For some strange reason the windshield wiper on the driver's side has stopped working. The passenger's side works fine. What could be the problem and how do I repair it??
Any help will be highly appreciated.


----------



## ctrob (Mar 12, 2007)

yeah its a pain in the ass...the same thing happened to me cuz i pulled the dumbest thing and put the wipers on when there was ice out..there is an arm that controls the wipers in the baffle right under the windshield more then likely the arm popped out of the drivers side wiper. Its a tight space that takes some patience to deal with, but i bet thats what it is.


----------



## kumarkumar (Mar 19, 2007)

Exactly same here. 
Yesterday I was cleaning the ice from the car and then put the Wipers on even when there was a little ice left on them (guess I got a little impatient). I stopped it immediately but after that it wouldn't work anymore.

how did you repair it?? If possible could you let me know the steps to dissemble the wiper so that I can repair it.

Also you mentioned that the arm may have popped out.............so does that mean it has fallen out and I have to get a new one.


----------



## ctrob (Mar 12, 2007)

your gonnna hafta take the actual wiper arms off to get the baffle off to get to the arm that moves the wipers. Take the knob off the bottom of the wipper arm and unscrew the nut and pull the wiper arm off.

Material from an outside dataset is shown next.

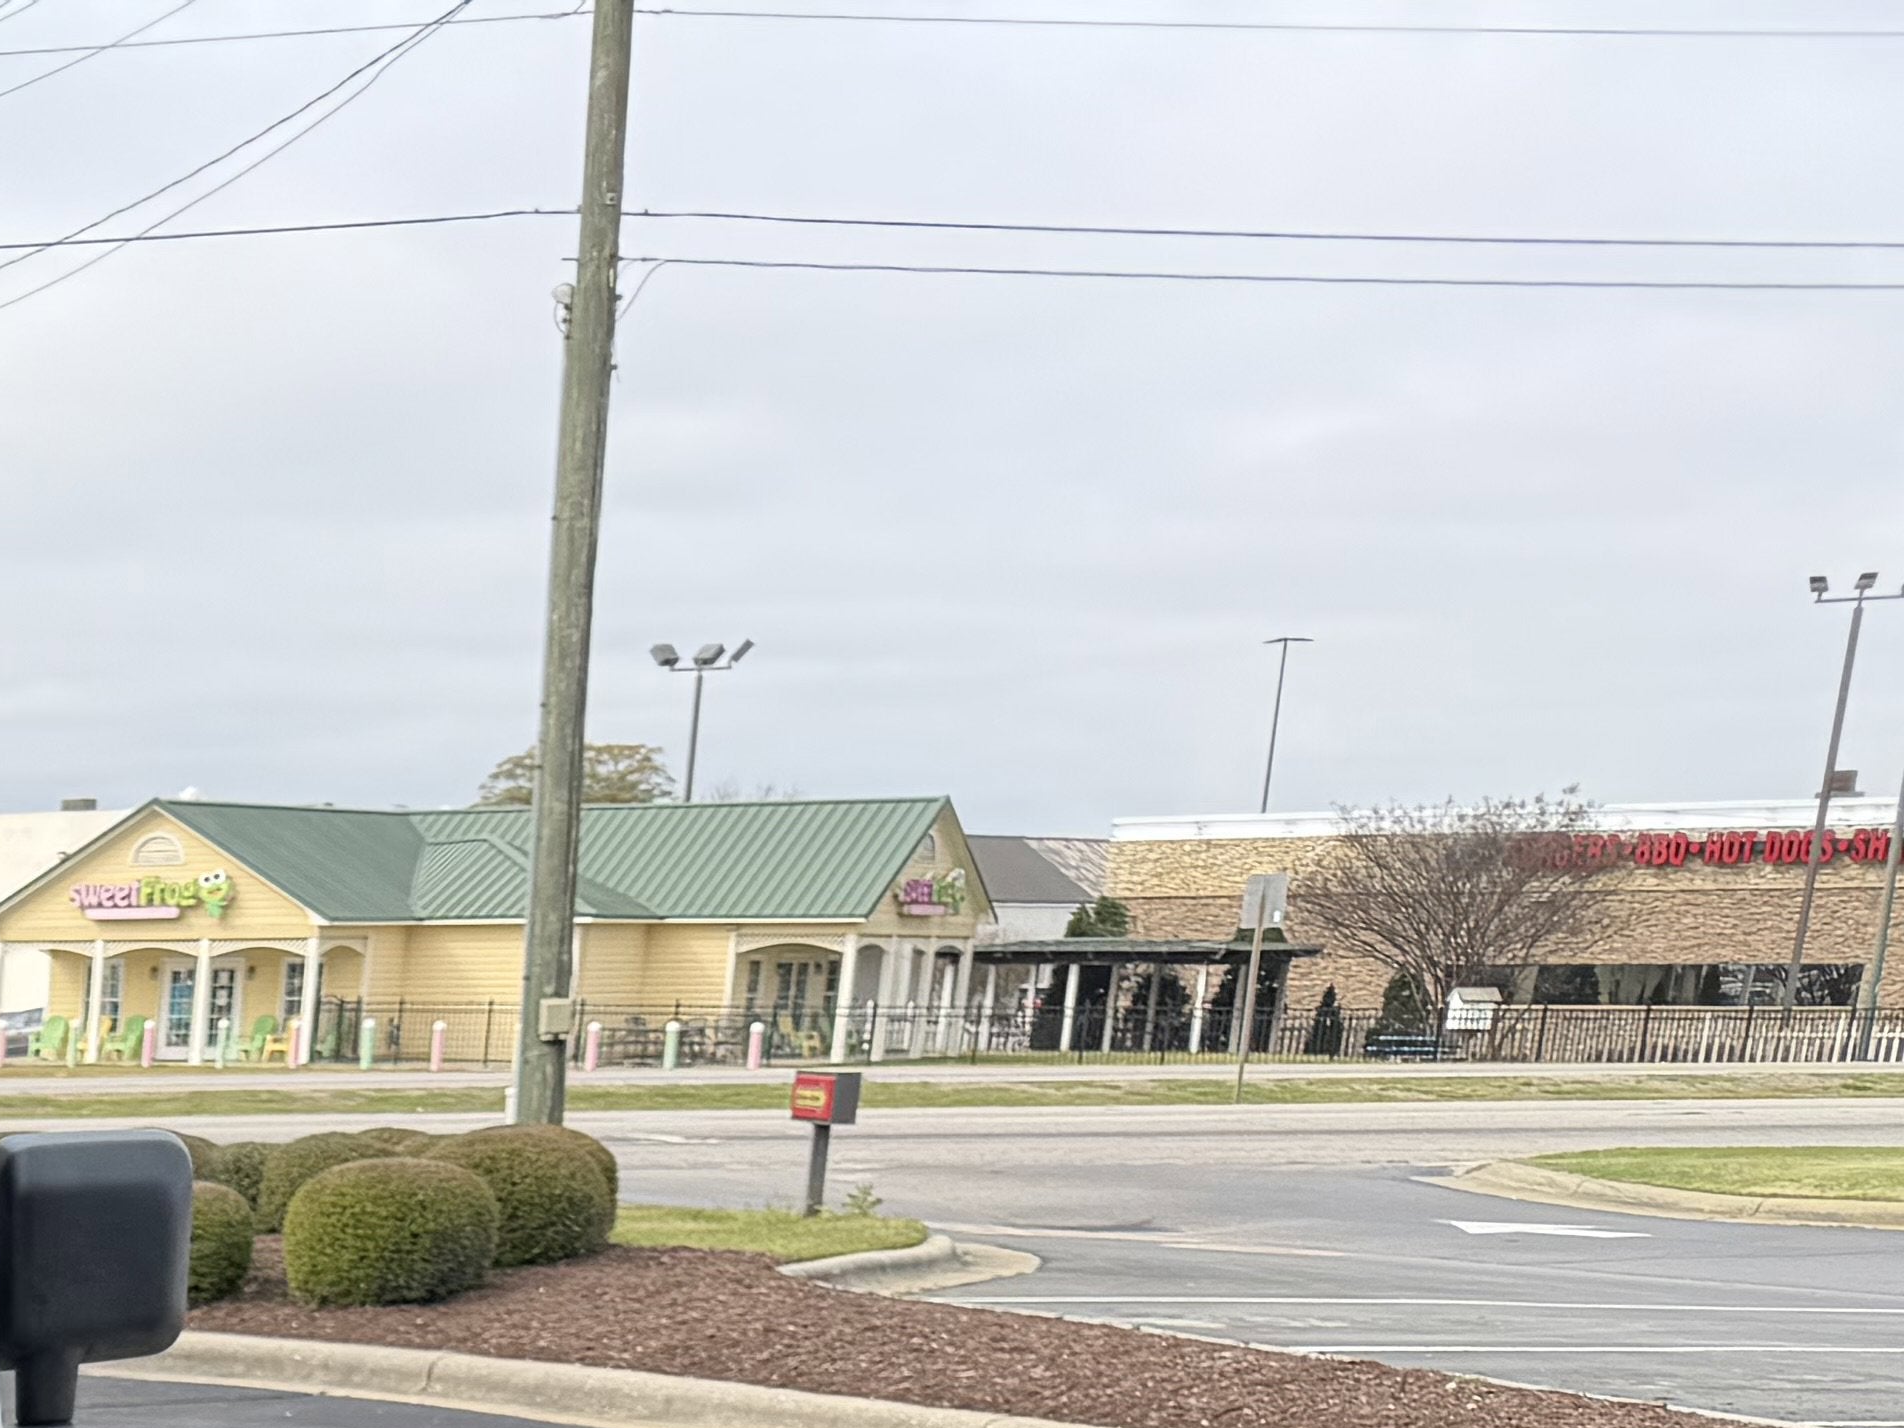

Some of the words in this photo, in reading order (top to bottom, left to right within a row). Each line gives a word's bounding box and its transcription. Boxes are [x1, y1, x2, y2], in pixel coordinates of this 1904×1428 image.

Then after you do this to both wipers from what I remember there are a few screws that hold the cowl on pull those then pop it out there a a bunch of clips that hold it on it'll take a little pryin. The motor is on the passenger side the wiper arm from the motor more then likely popped out of the wiper on the driver side your gonna hafta pop it back into its home, then put it all back together. Its a pain but the only other thing to do it not fix it and get some rainx.....


----------



## kumarkumar (Mar 19, 2007)

Thanks a lot ctrob.
I repaired it. The lever/arm had fallen off. Just snapped it back. Looks like a very loose connection........seems like it may fall back again any time.
I am a happy man... Thanks again.

One more question for you

What kind of antenna does this car have....powered antenna (that which goes up when the radio is turned on and goes down when it is turned off) OR a manual/fixed antenna (that which always stays extended)??
The antenna on my car always stays extended so I am not sure if its broken or if it is a fixed antenna. I can provide any details of the car, if needed, to figure that out.


----------



## KDragon (Oct 9, 2006)

i think there all powered. Just look at the antenna if it looks like a bunch of tubes that slide in to the nex piece its prob. power if it looks like one solid peice non-power.


----------



## kumarkumar (Mar 19, 2007)

Yes it is a telescopic antenna (bunch of tubes that slide in to the next piece).
I had tried to push the antenna to see if it goes down. On pushing hard it did go down a little. Thats as much I had tried. Didn't try further in the fear of breaking it altogether.


----------



## ctrob (Mar 12, 2007)

If its broken its an easy fix with a few parts from the junk yard, you just gotta figure out if it's the antenna thats broken or if the motor it is fried.


----------



## smj999smj (Jan 1, 2006)

You should replace the link if it fell off and you find it "sloppy." The plastic wiper bushings wear out of time. A new wiper link is about $15. The next time it pops off will probably be at the worse possible time; it ain't worth the hassle to take the chance!


----------



## kumarkumar (Mar 19, 2007)

Thanks to all who replied.
I repaired the radio antenna. It was a powered one. (Faq: Any telescopic antenna is a powered one)
I dissembled the whole antenna. There was a loose connection in the wire that was plugged in to the motor.
Happy again


----------